» **Work to complete**
Retype the entries below exactly, dropping the images.

Data items

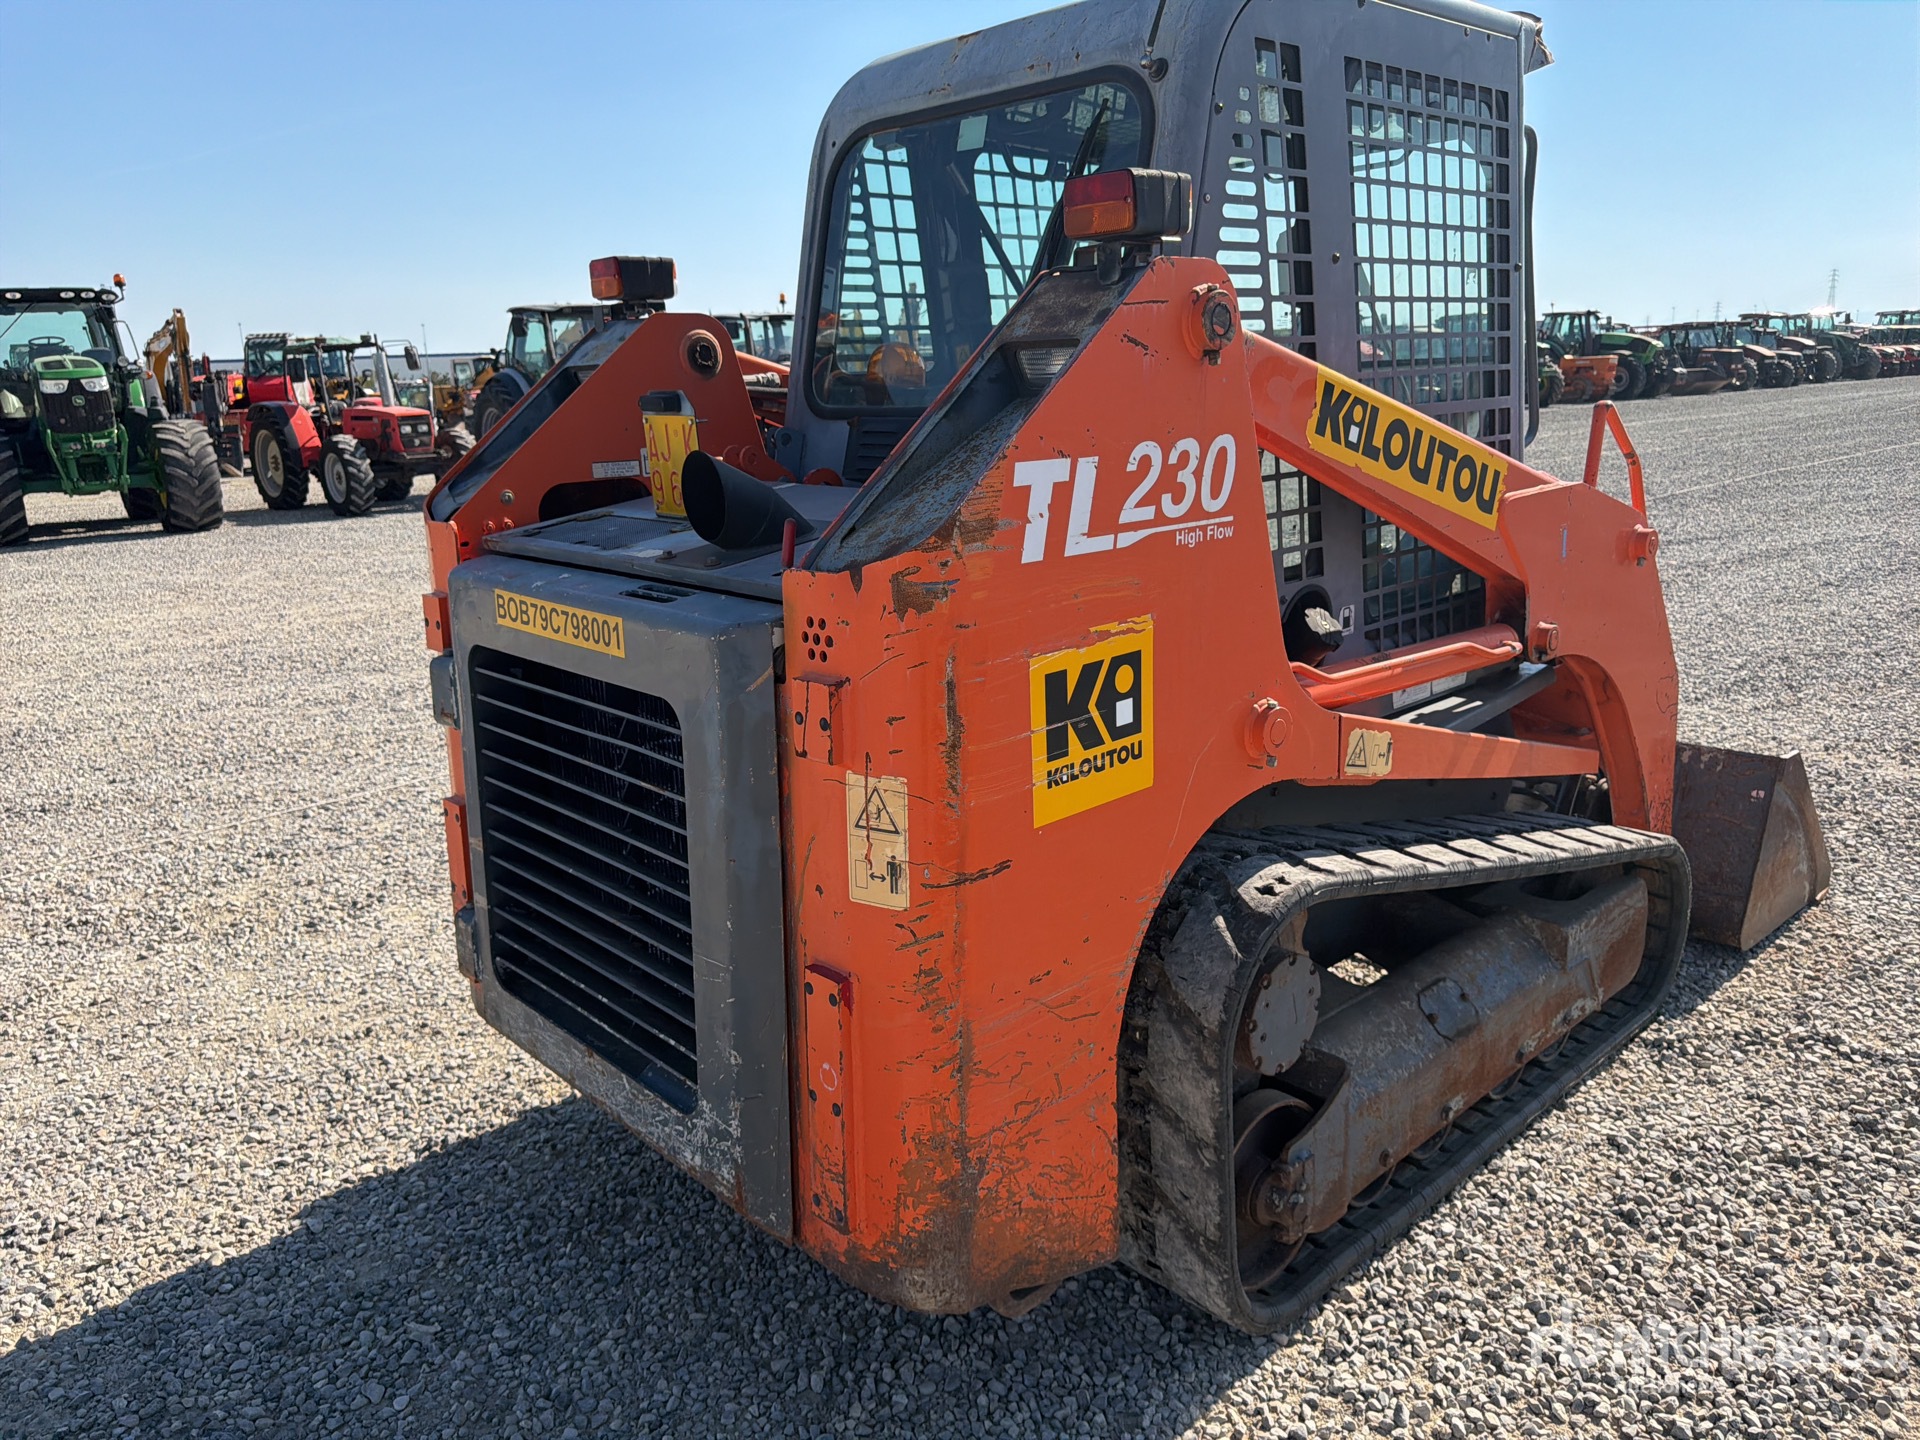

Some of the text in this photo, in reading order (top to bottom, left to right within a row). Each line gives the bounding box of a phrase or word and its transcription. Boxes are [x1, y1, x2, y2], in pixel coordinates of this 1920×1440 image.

[1013, 433, 1236, 564] TL 230
[1175, 525, 1234, 548] High Flow
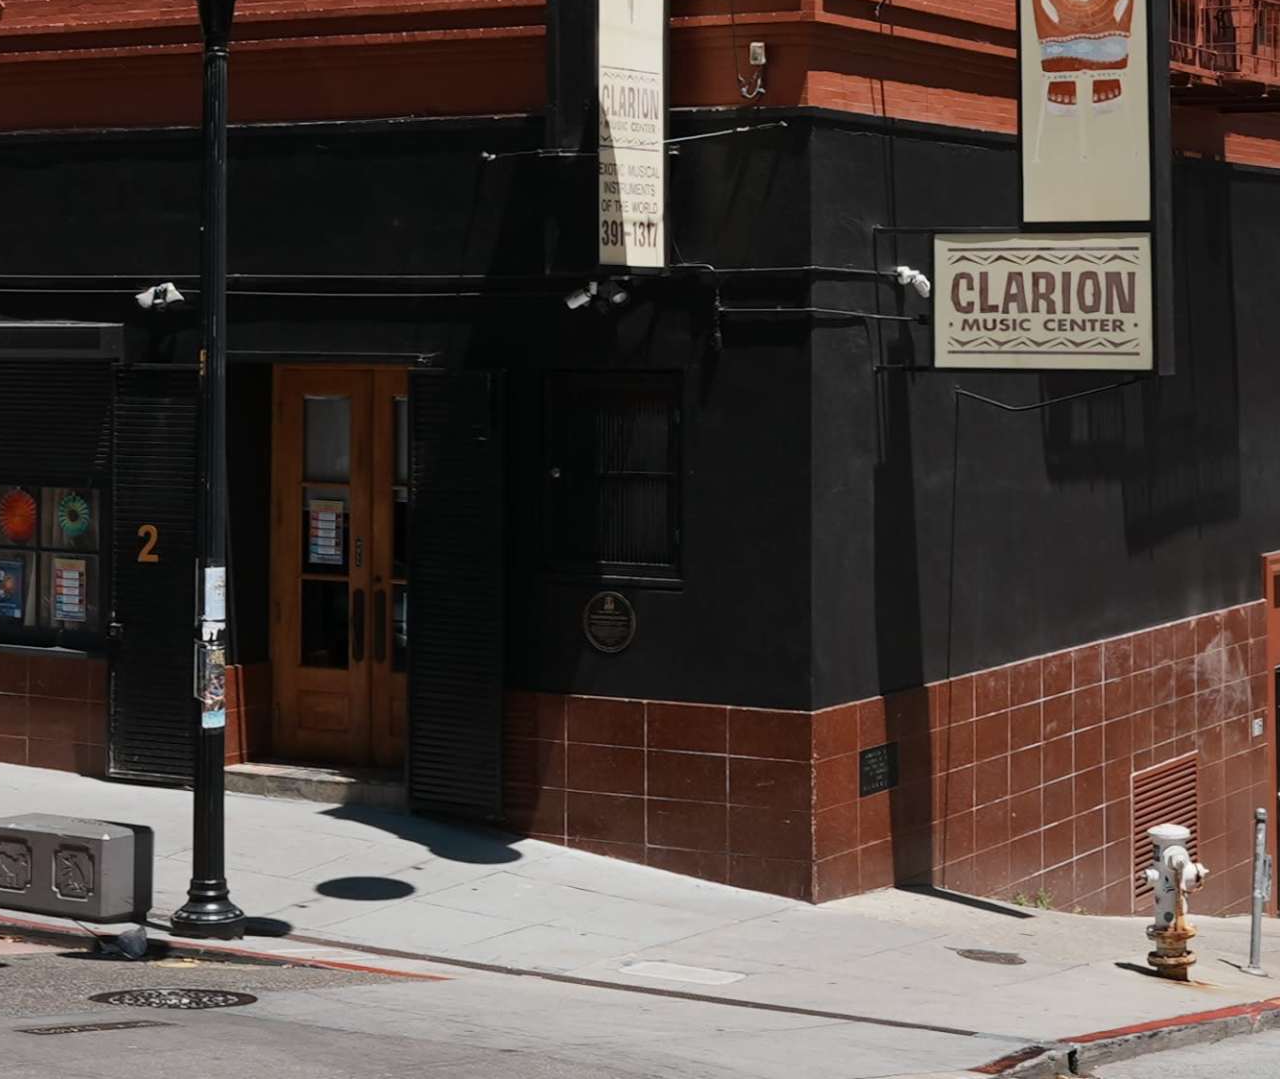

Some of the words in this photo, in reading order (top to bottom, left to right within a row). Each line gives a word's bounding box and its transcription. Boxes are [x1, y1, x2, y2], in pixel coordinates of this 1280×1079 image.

[602, 84, 660, 121] CLARION
[631, 122, 656, 133] CENTER
[603, 180, 656, 197] INSTRUMENTS
[601, 199, 613, 212] OF
[631, 201, 657, 215] WORLD
[602, 220, 658, 248] 391-1317
[951, 271, 1136, 315] CLARION
[961, 318, 1032, 332] MUSIC
[1043, 318, 1126, 333] CENTER
[137, 524, 159, 562] 2

» **Exercise solution**
Some of the text in this photo, in reading order (top to bottom, left to right within a row). Each line gives the bounding box of a phrase or word and its transcription. Boxes are [x1, y1, x2, y2], in pixel coordinates of this 1920×1440 image.

[1013, 433, 1236, 564] TL 230
[1175, 525, 1234, 548] High Flow

Some of the words in this photo, in reading order (top to bottom, left to right within a row). Each line gives a word's bounding box and its transcription. Boxes are [x1, y1, x2, y2], in pixel coordinates of this 1280×1079 image.

[602, 84, 660, 121] CLARION
[631, 122, 656, 133] CENTER
[603, 180, 656, 197] INSTRUMENTS
[601, 199, 613, 212] OF
[631, 201, 657, 215] WORLD
[602, 220, 658, 248] 391-1317
[951, 271, 1136, 315] CLARION
[961, 318, 1032, 332] MUSIC
[1043, 318, 1126, 333] CENTER
[137, 524, 159, 562] 2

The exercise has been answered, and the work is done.